**The problem:**
An exact copy of every record below is needed, with the pictures left out.
[Data listing — start]
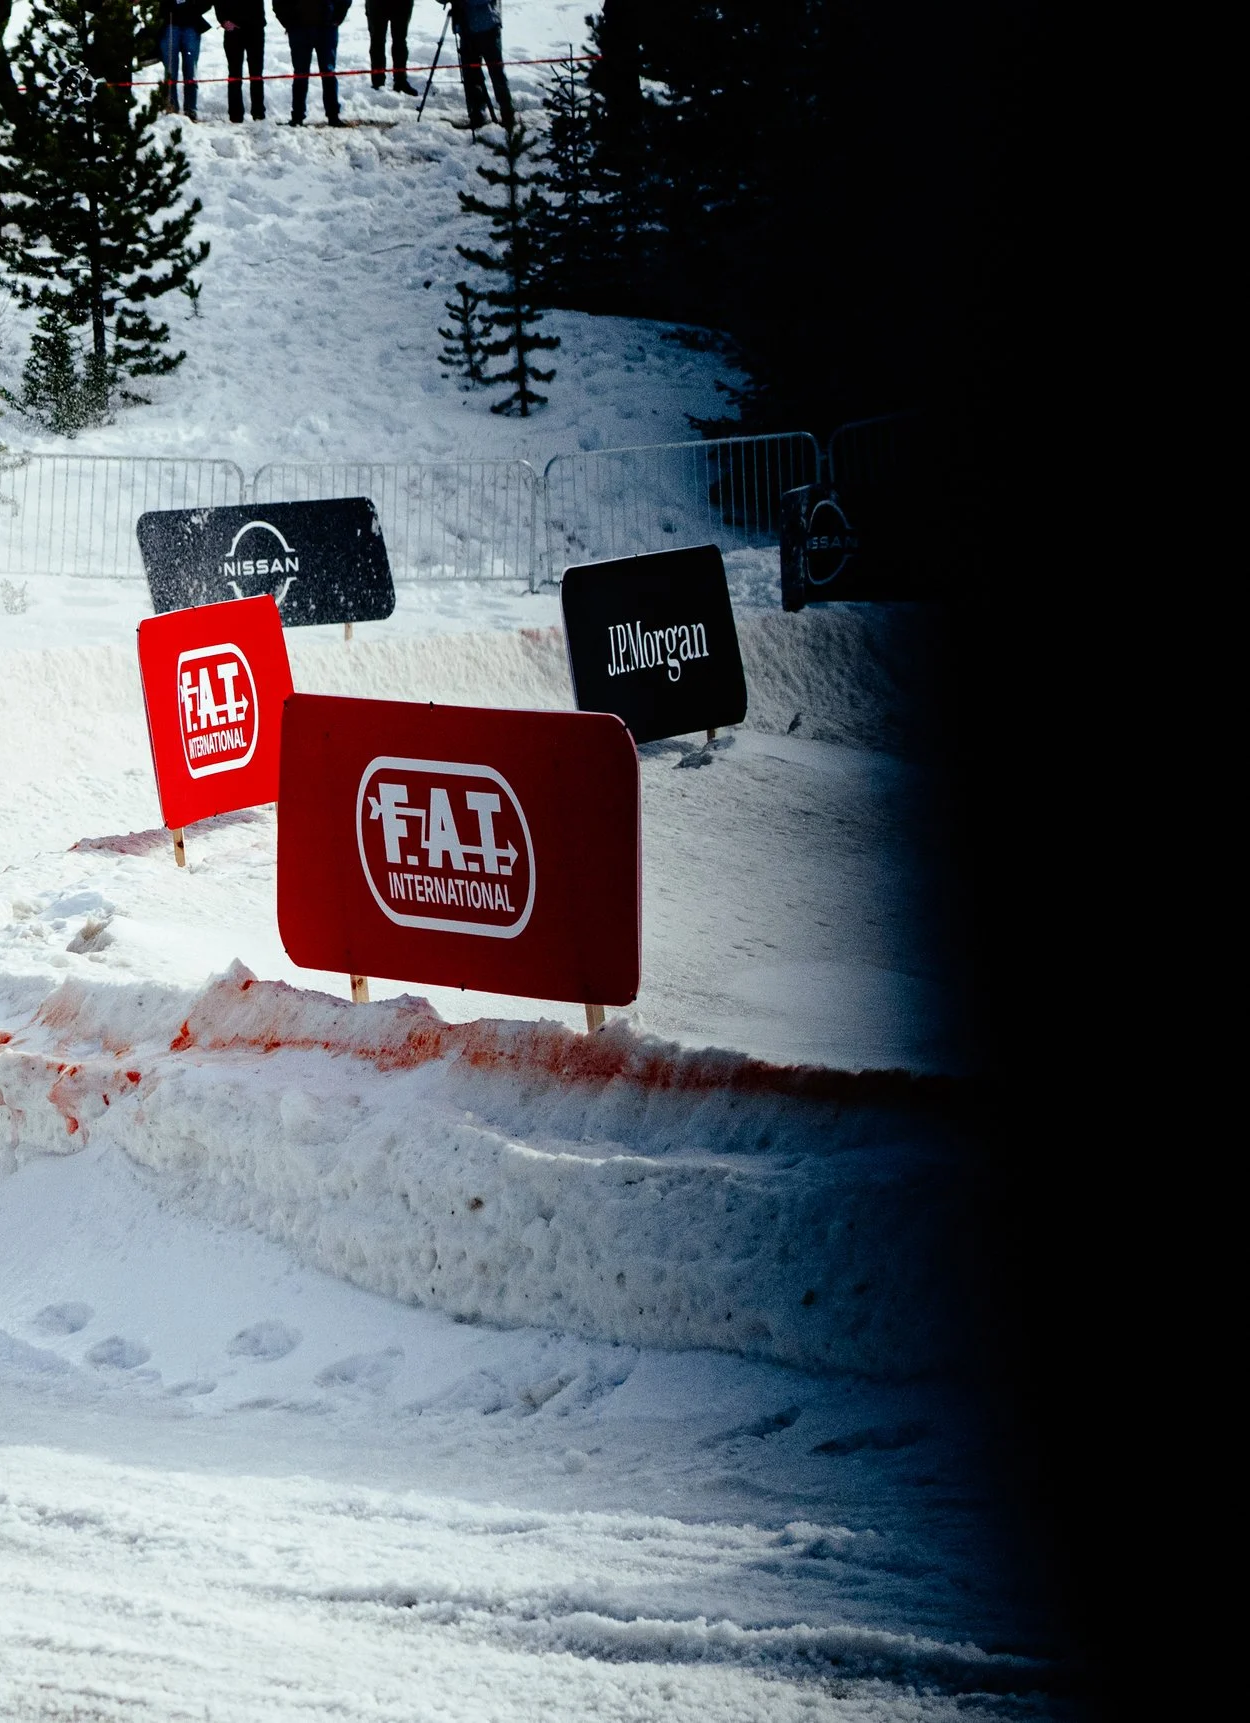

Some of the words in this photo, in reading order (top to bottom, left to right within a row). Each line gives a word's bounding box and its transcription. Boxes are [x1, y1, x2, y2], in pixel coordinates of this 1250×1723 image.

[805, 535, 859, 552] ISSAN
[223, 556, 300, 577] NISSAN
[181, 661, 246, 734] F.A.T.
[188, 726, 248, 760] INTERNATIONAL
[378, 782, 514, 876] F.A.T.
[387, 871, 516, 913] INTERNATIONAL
[Data listing — finish]
**Answer box:**
Some of the words in this photo, in reading order (top to bottom, left to right within a row). Each line gives a word's bounding box and its transcription. Boxes are [x1, y1, x2, y2], in pixel coordinates of this 1250×1723 image.

[805, 535, 859, 552] ISSAN
[223, 556, 300, 577] NISSAN
[181, 661, 246, 734] F.A.T.
[188, 726, 248, 760] INTERNATIONAL
[378, 782, 514, 876] F.A.T.
[387, 871, 516, 913] INTERNATIONAL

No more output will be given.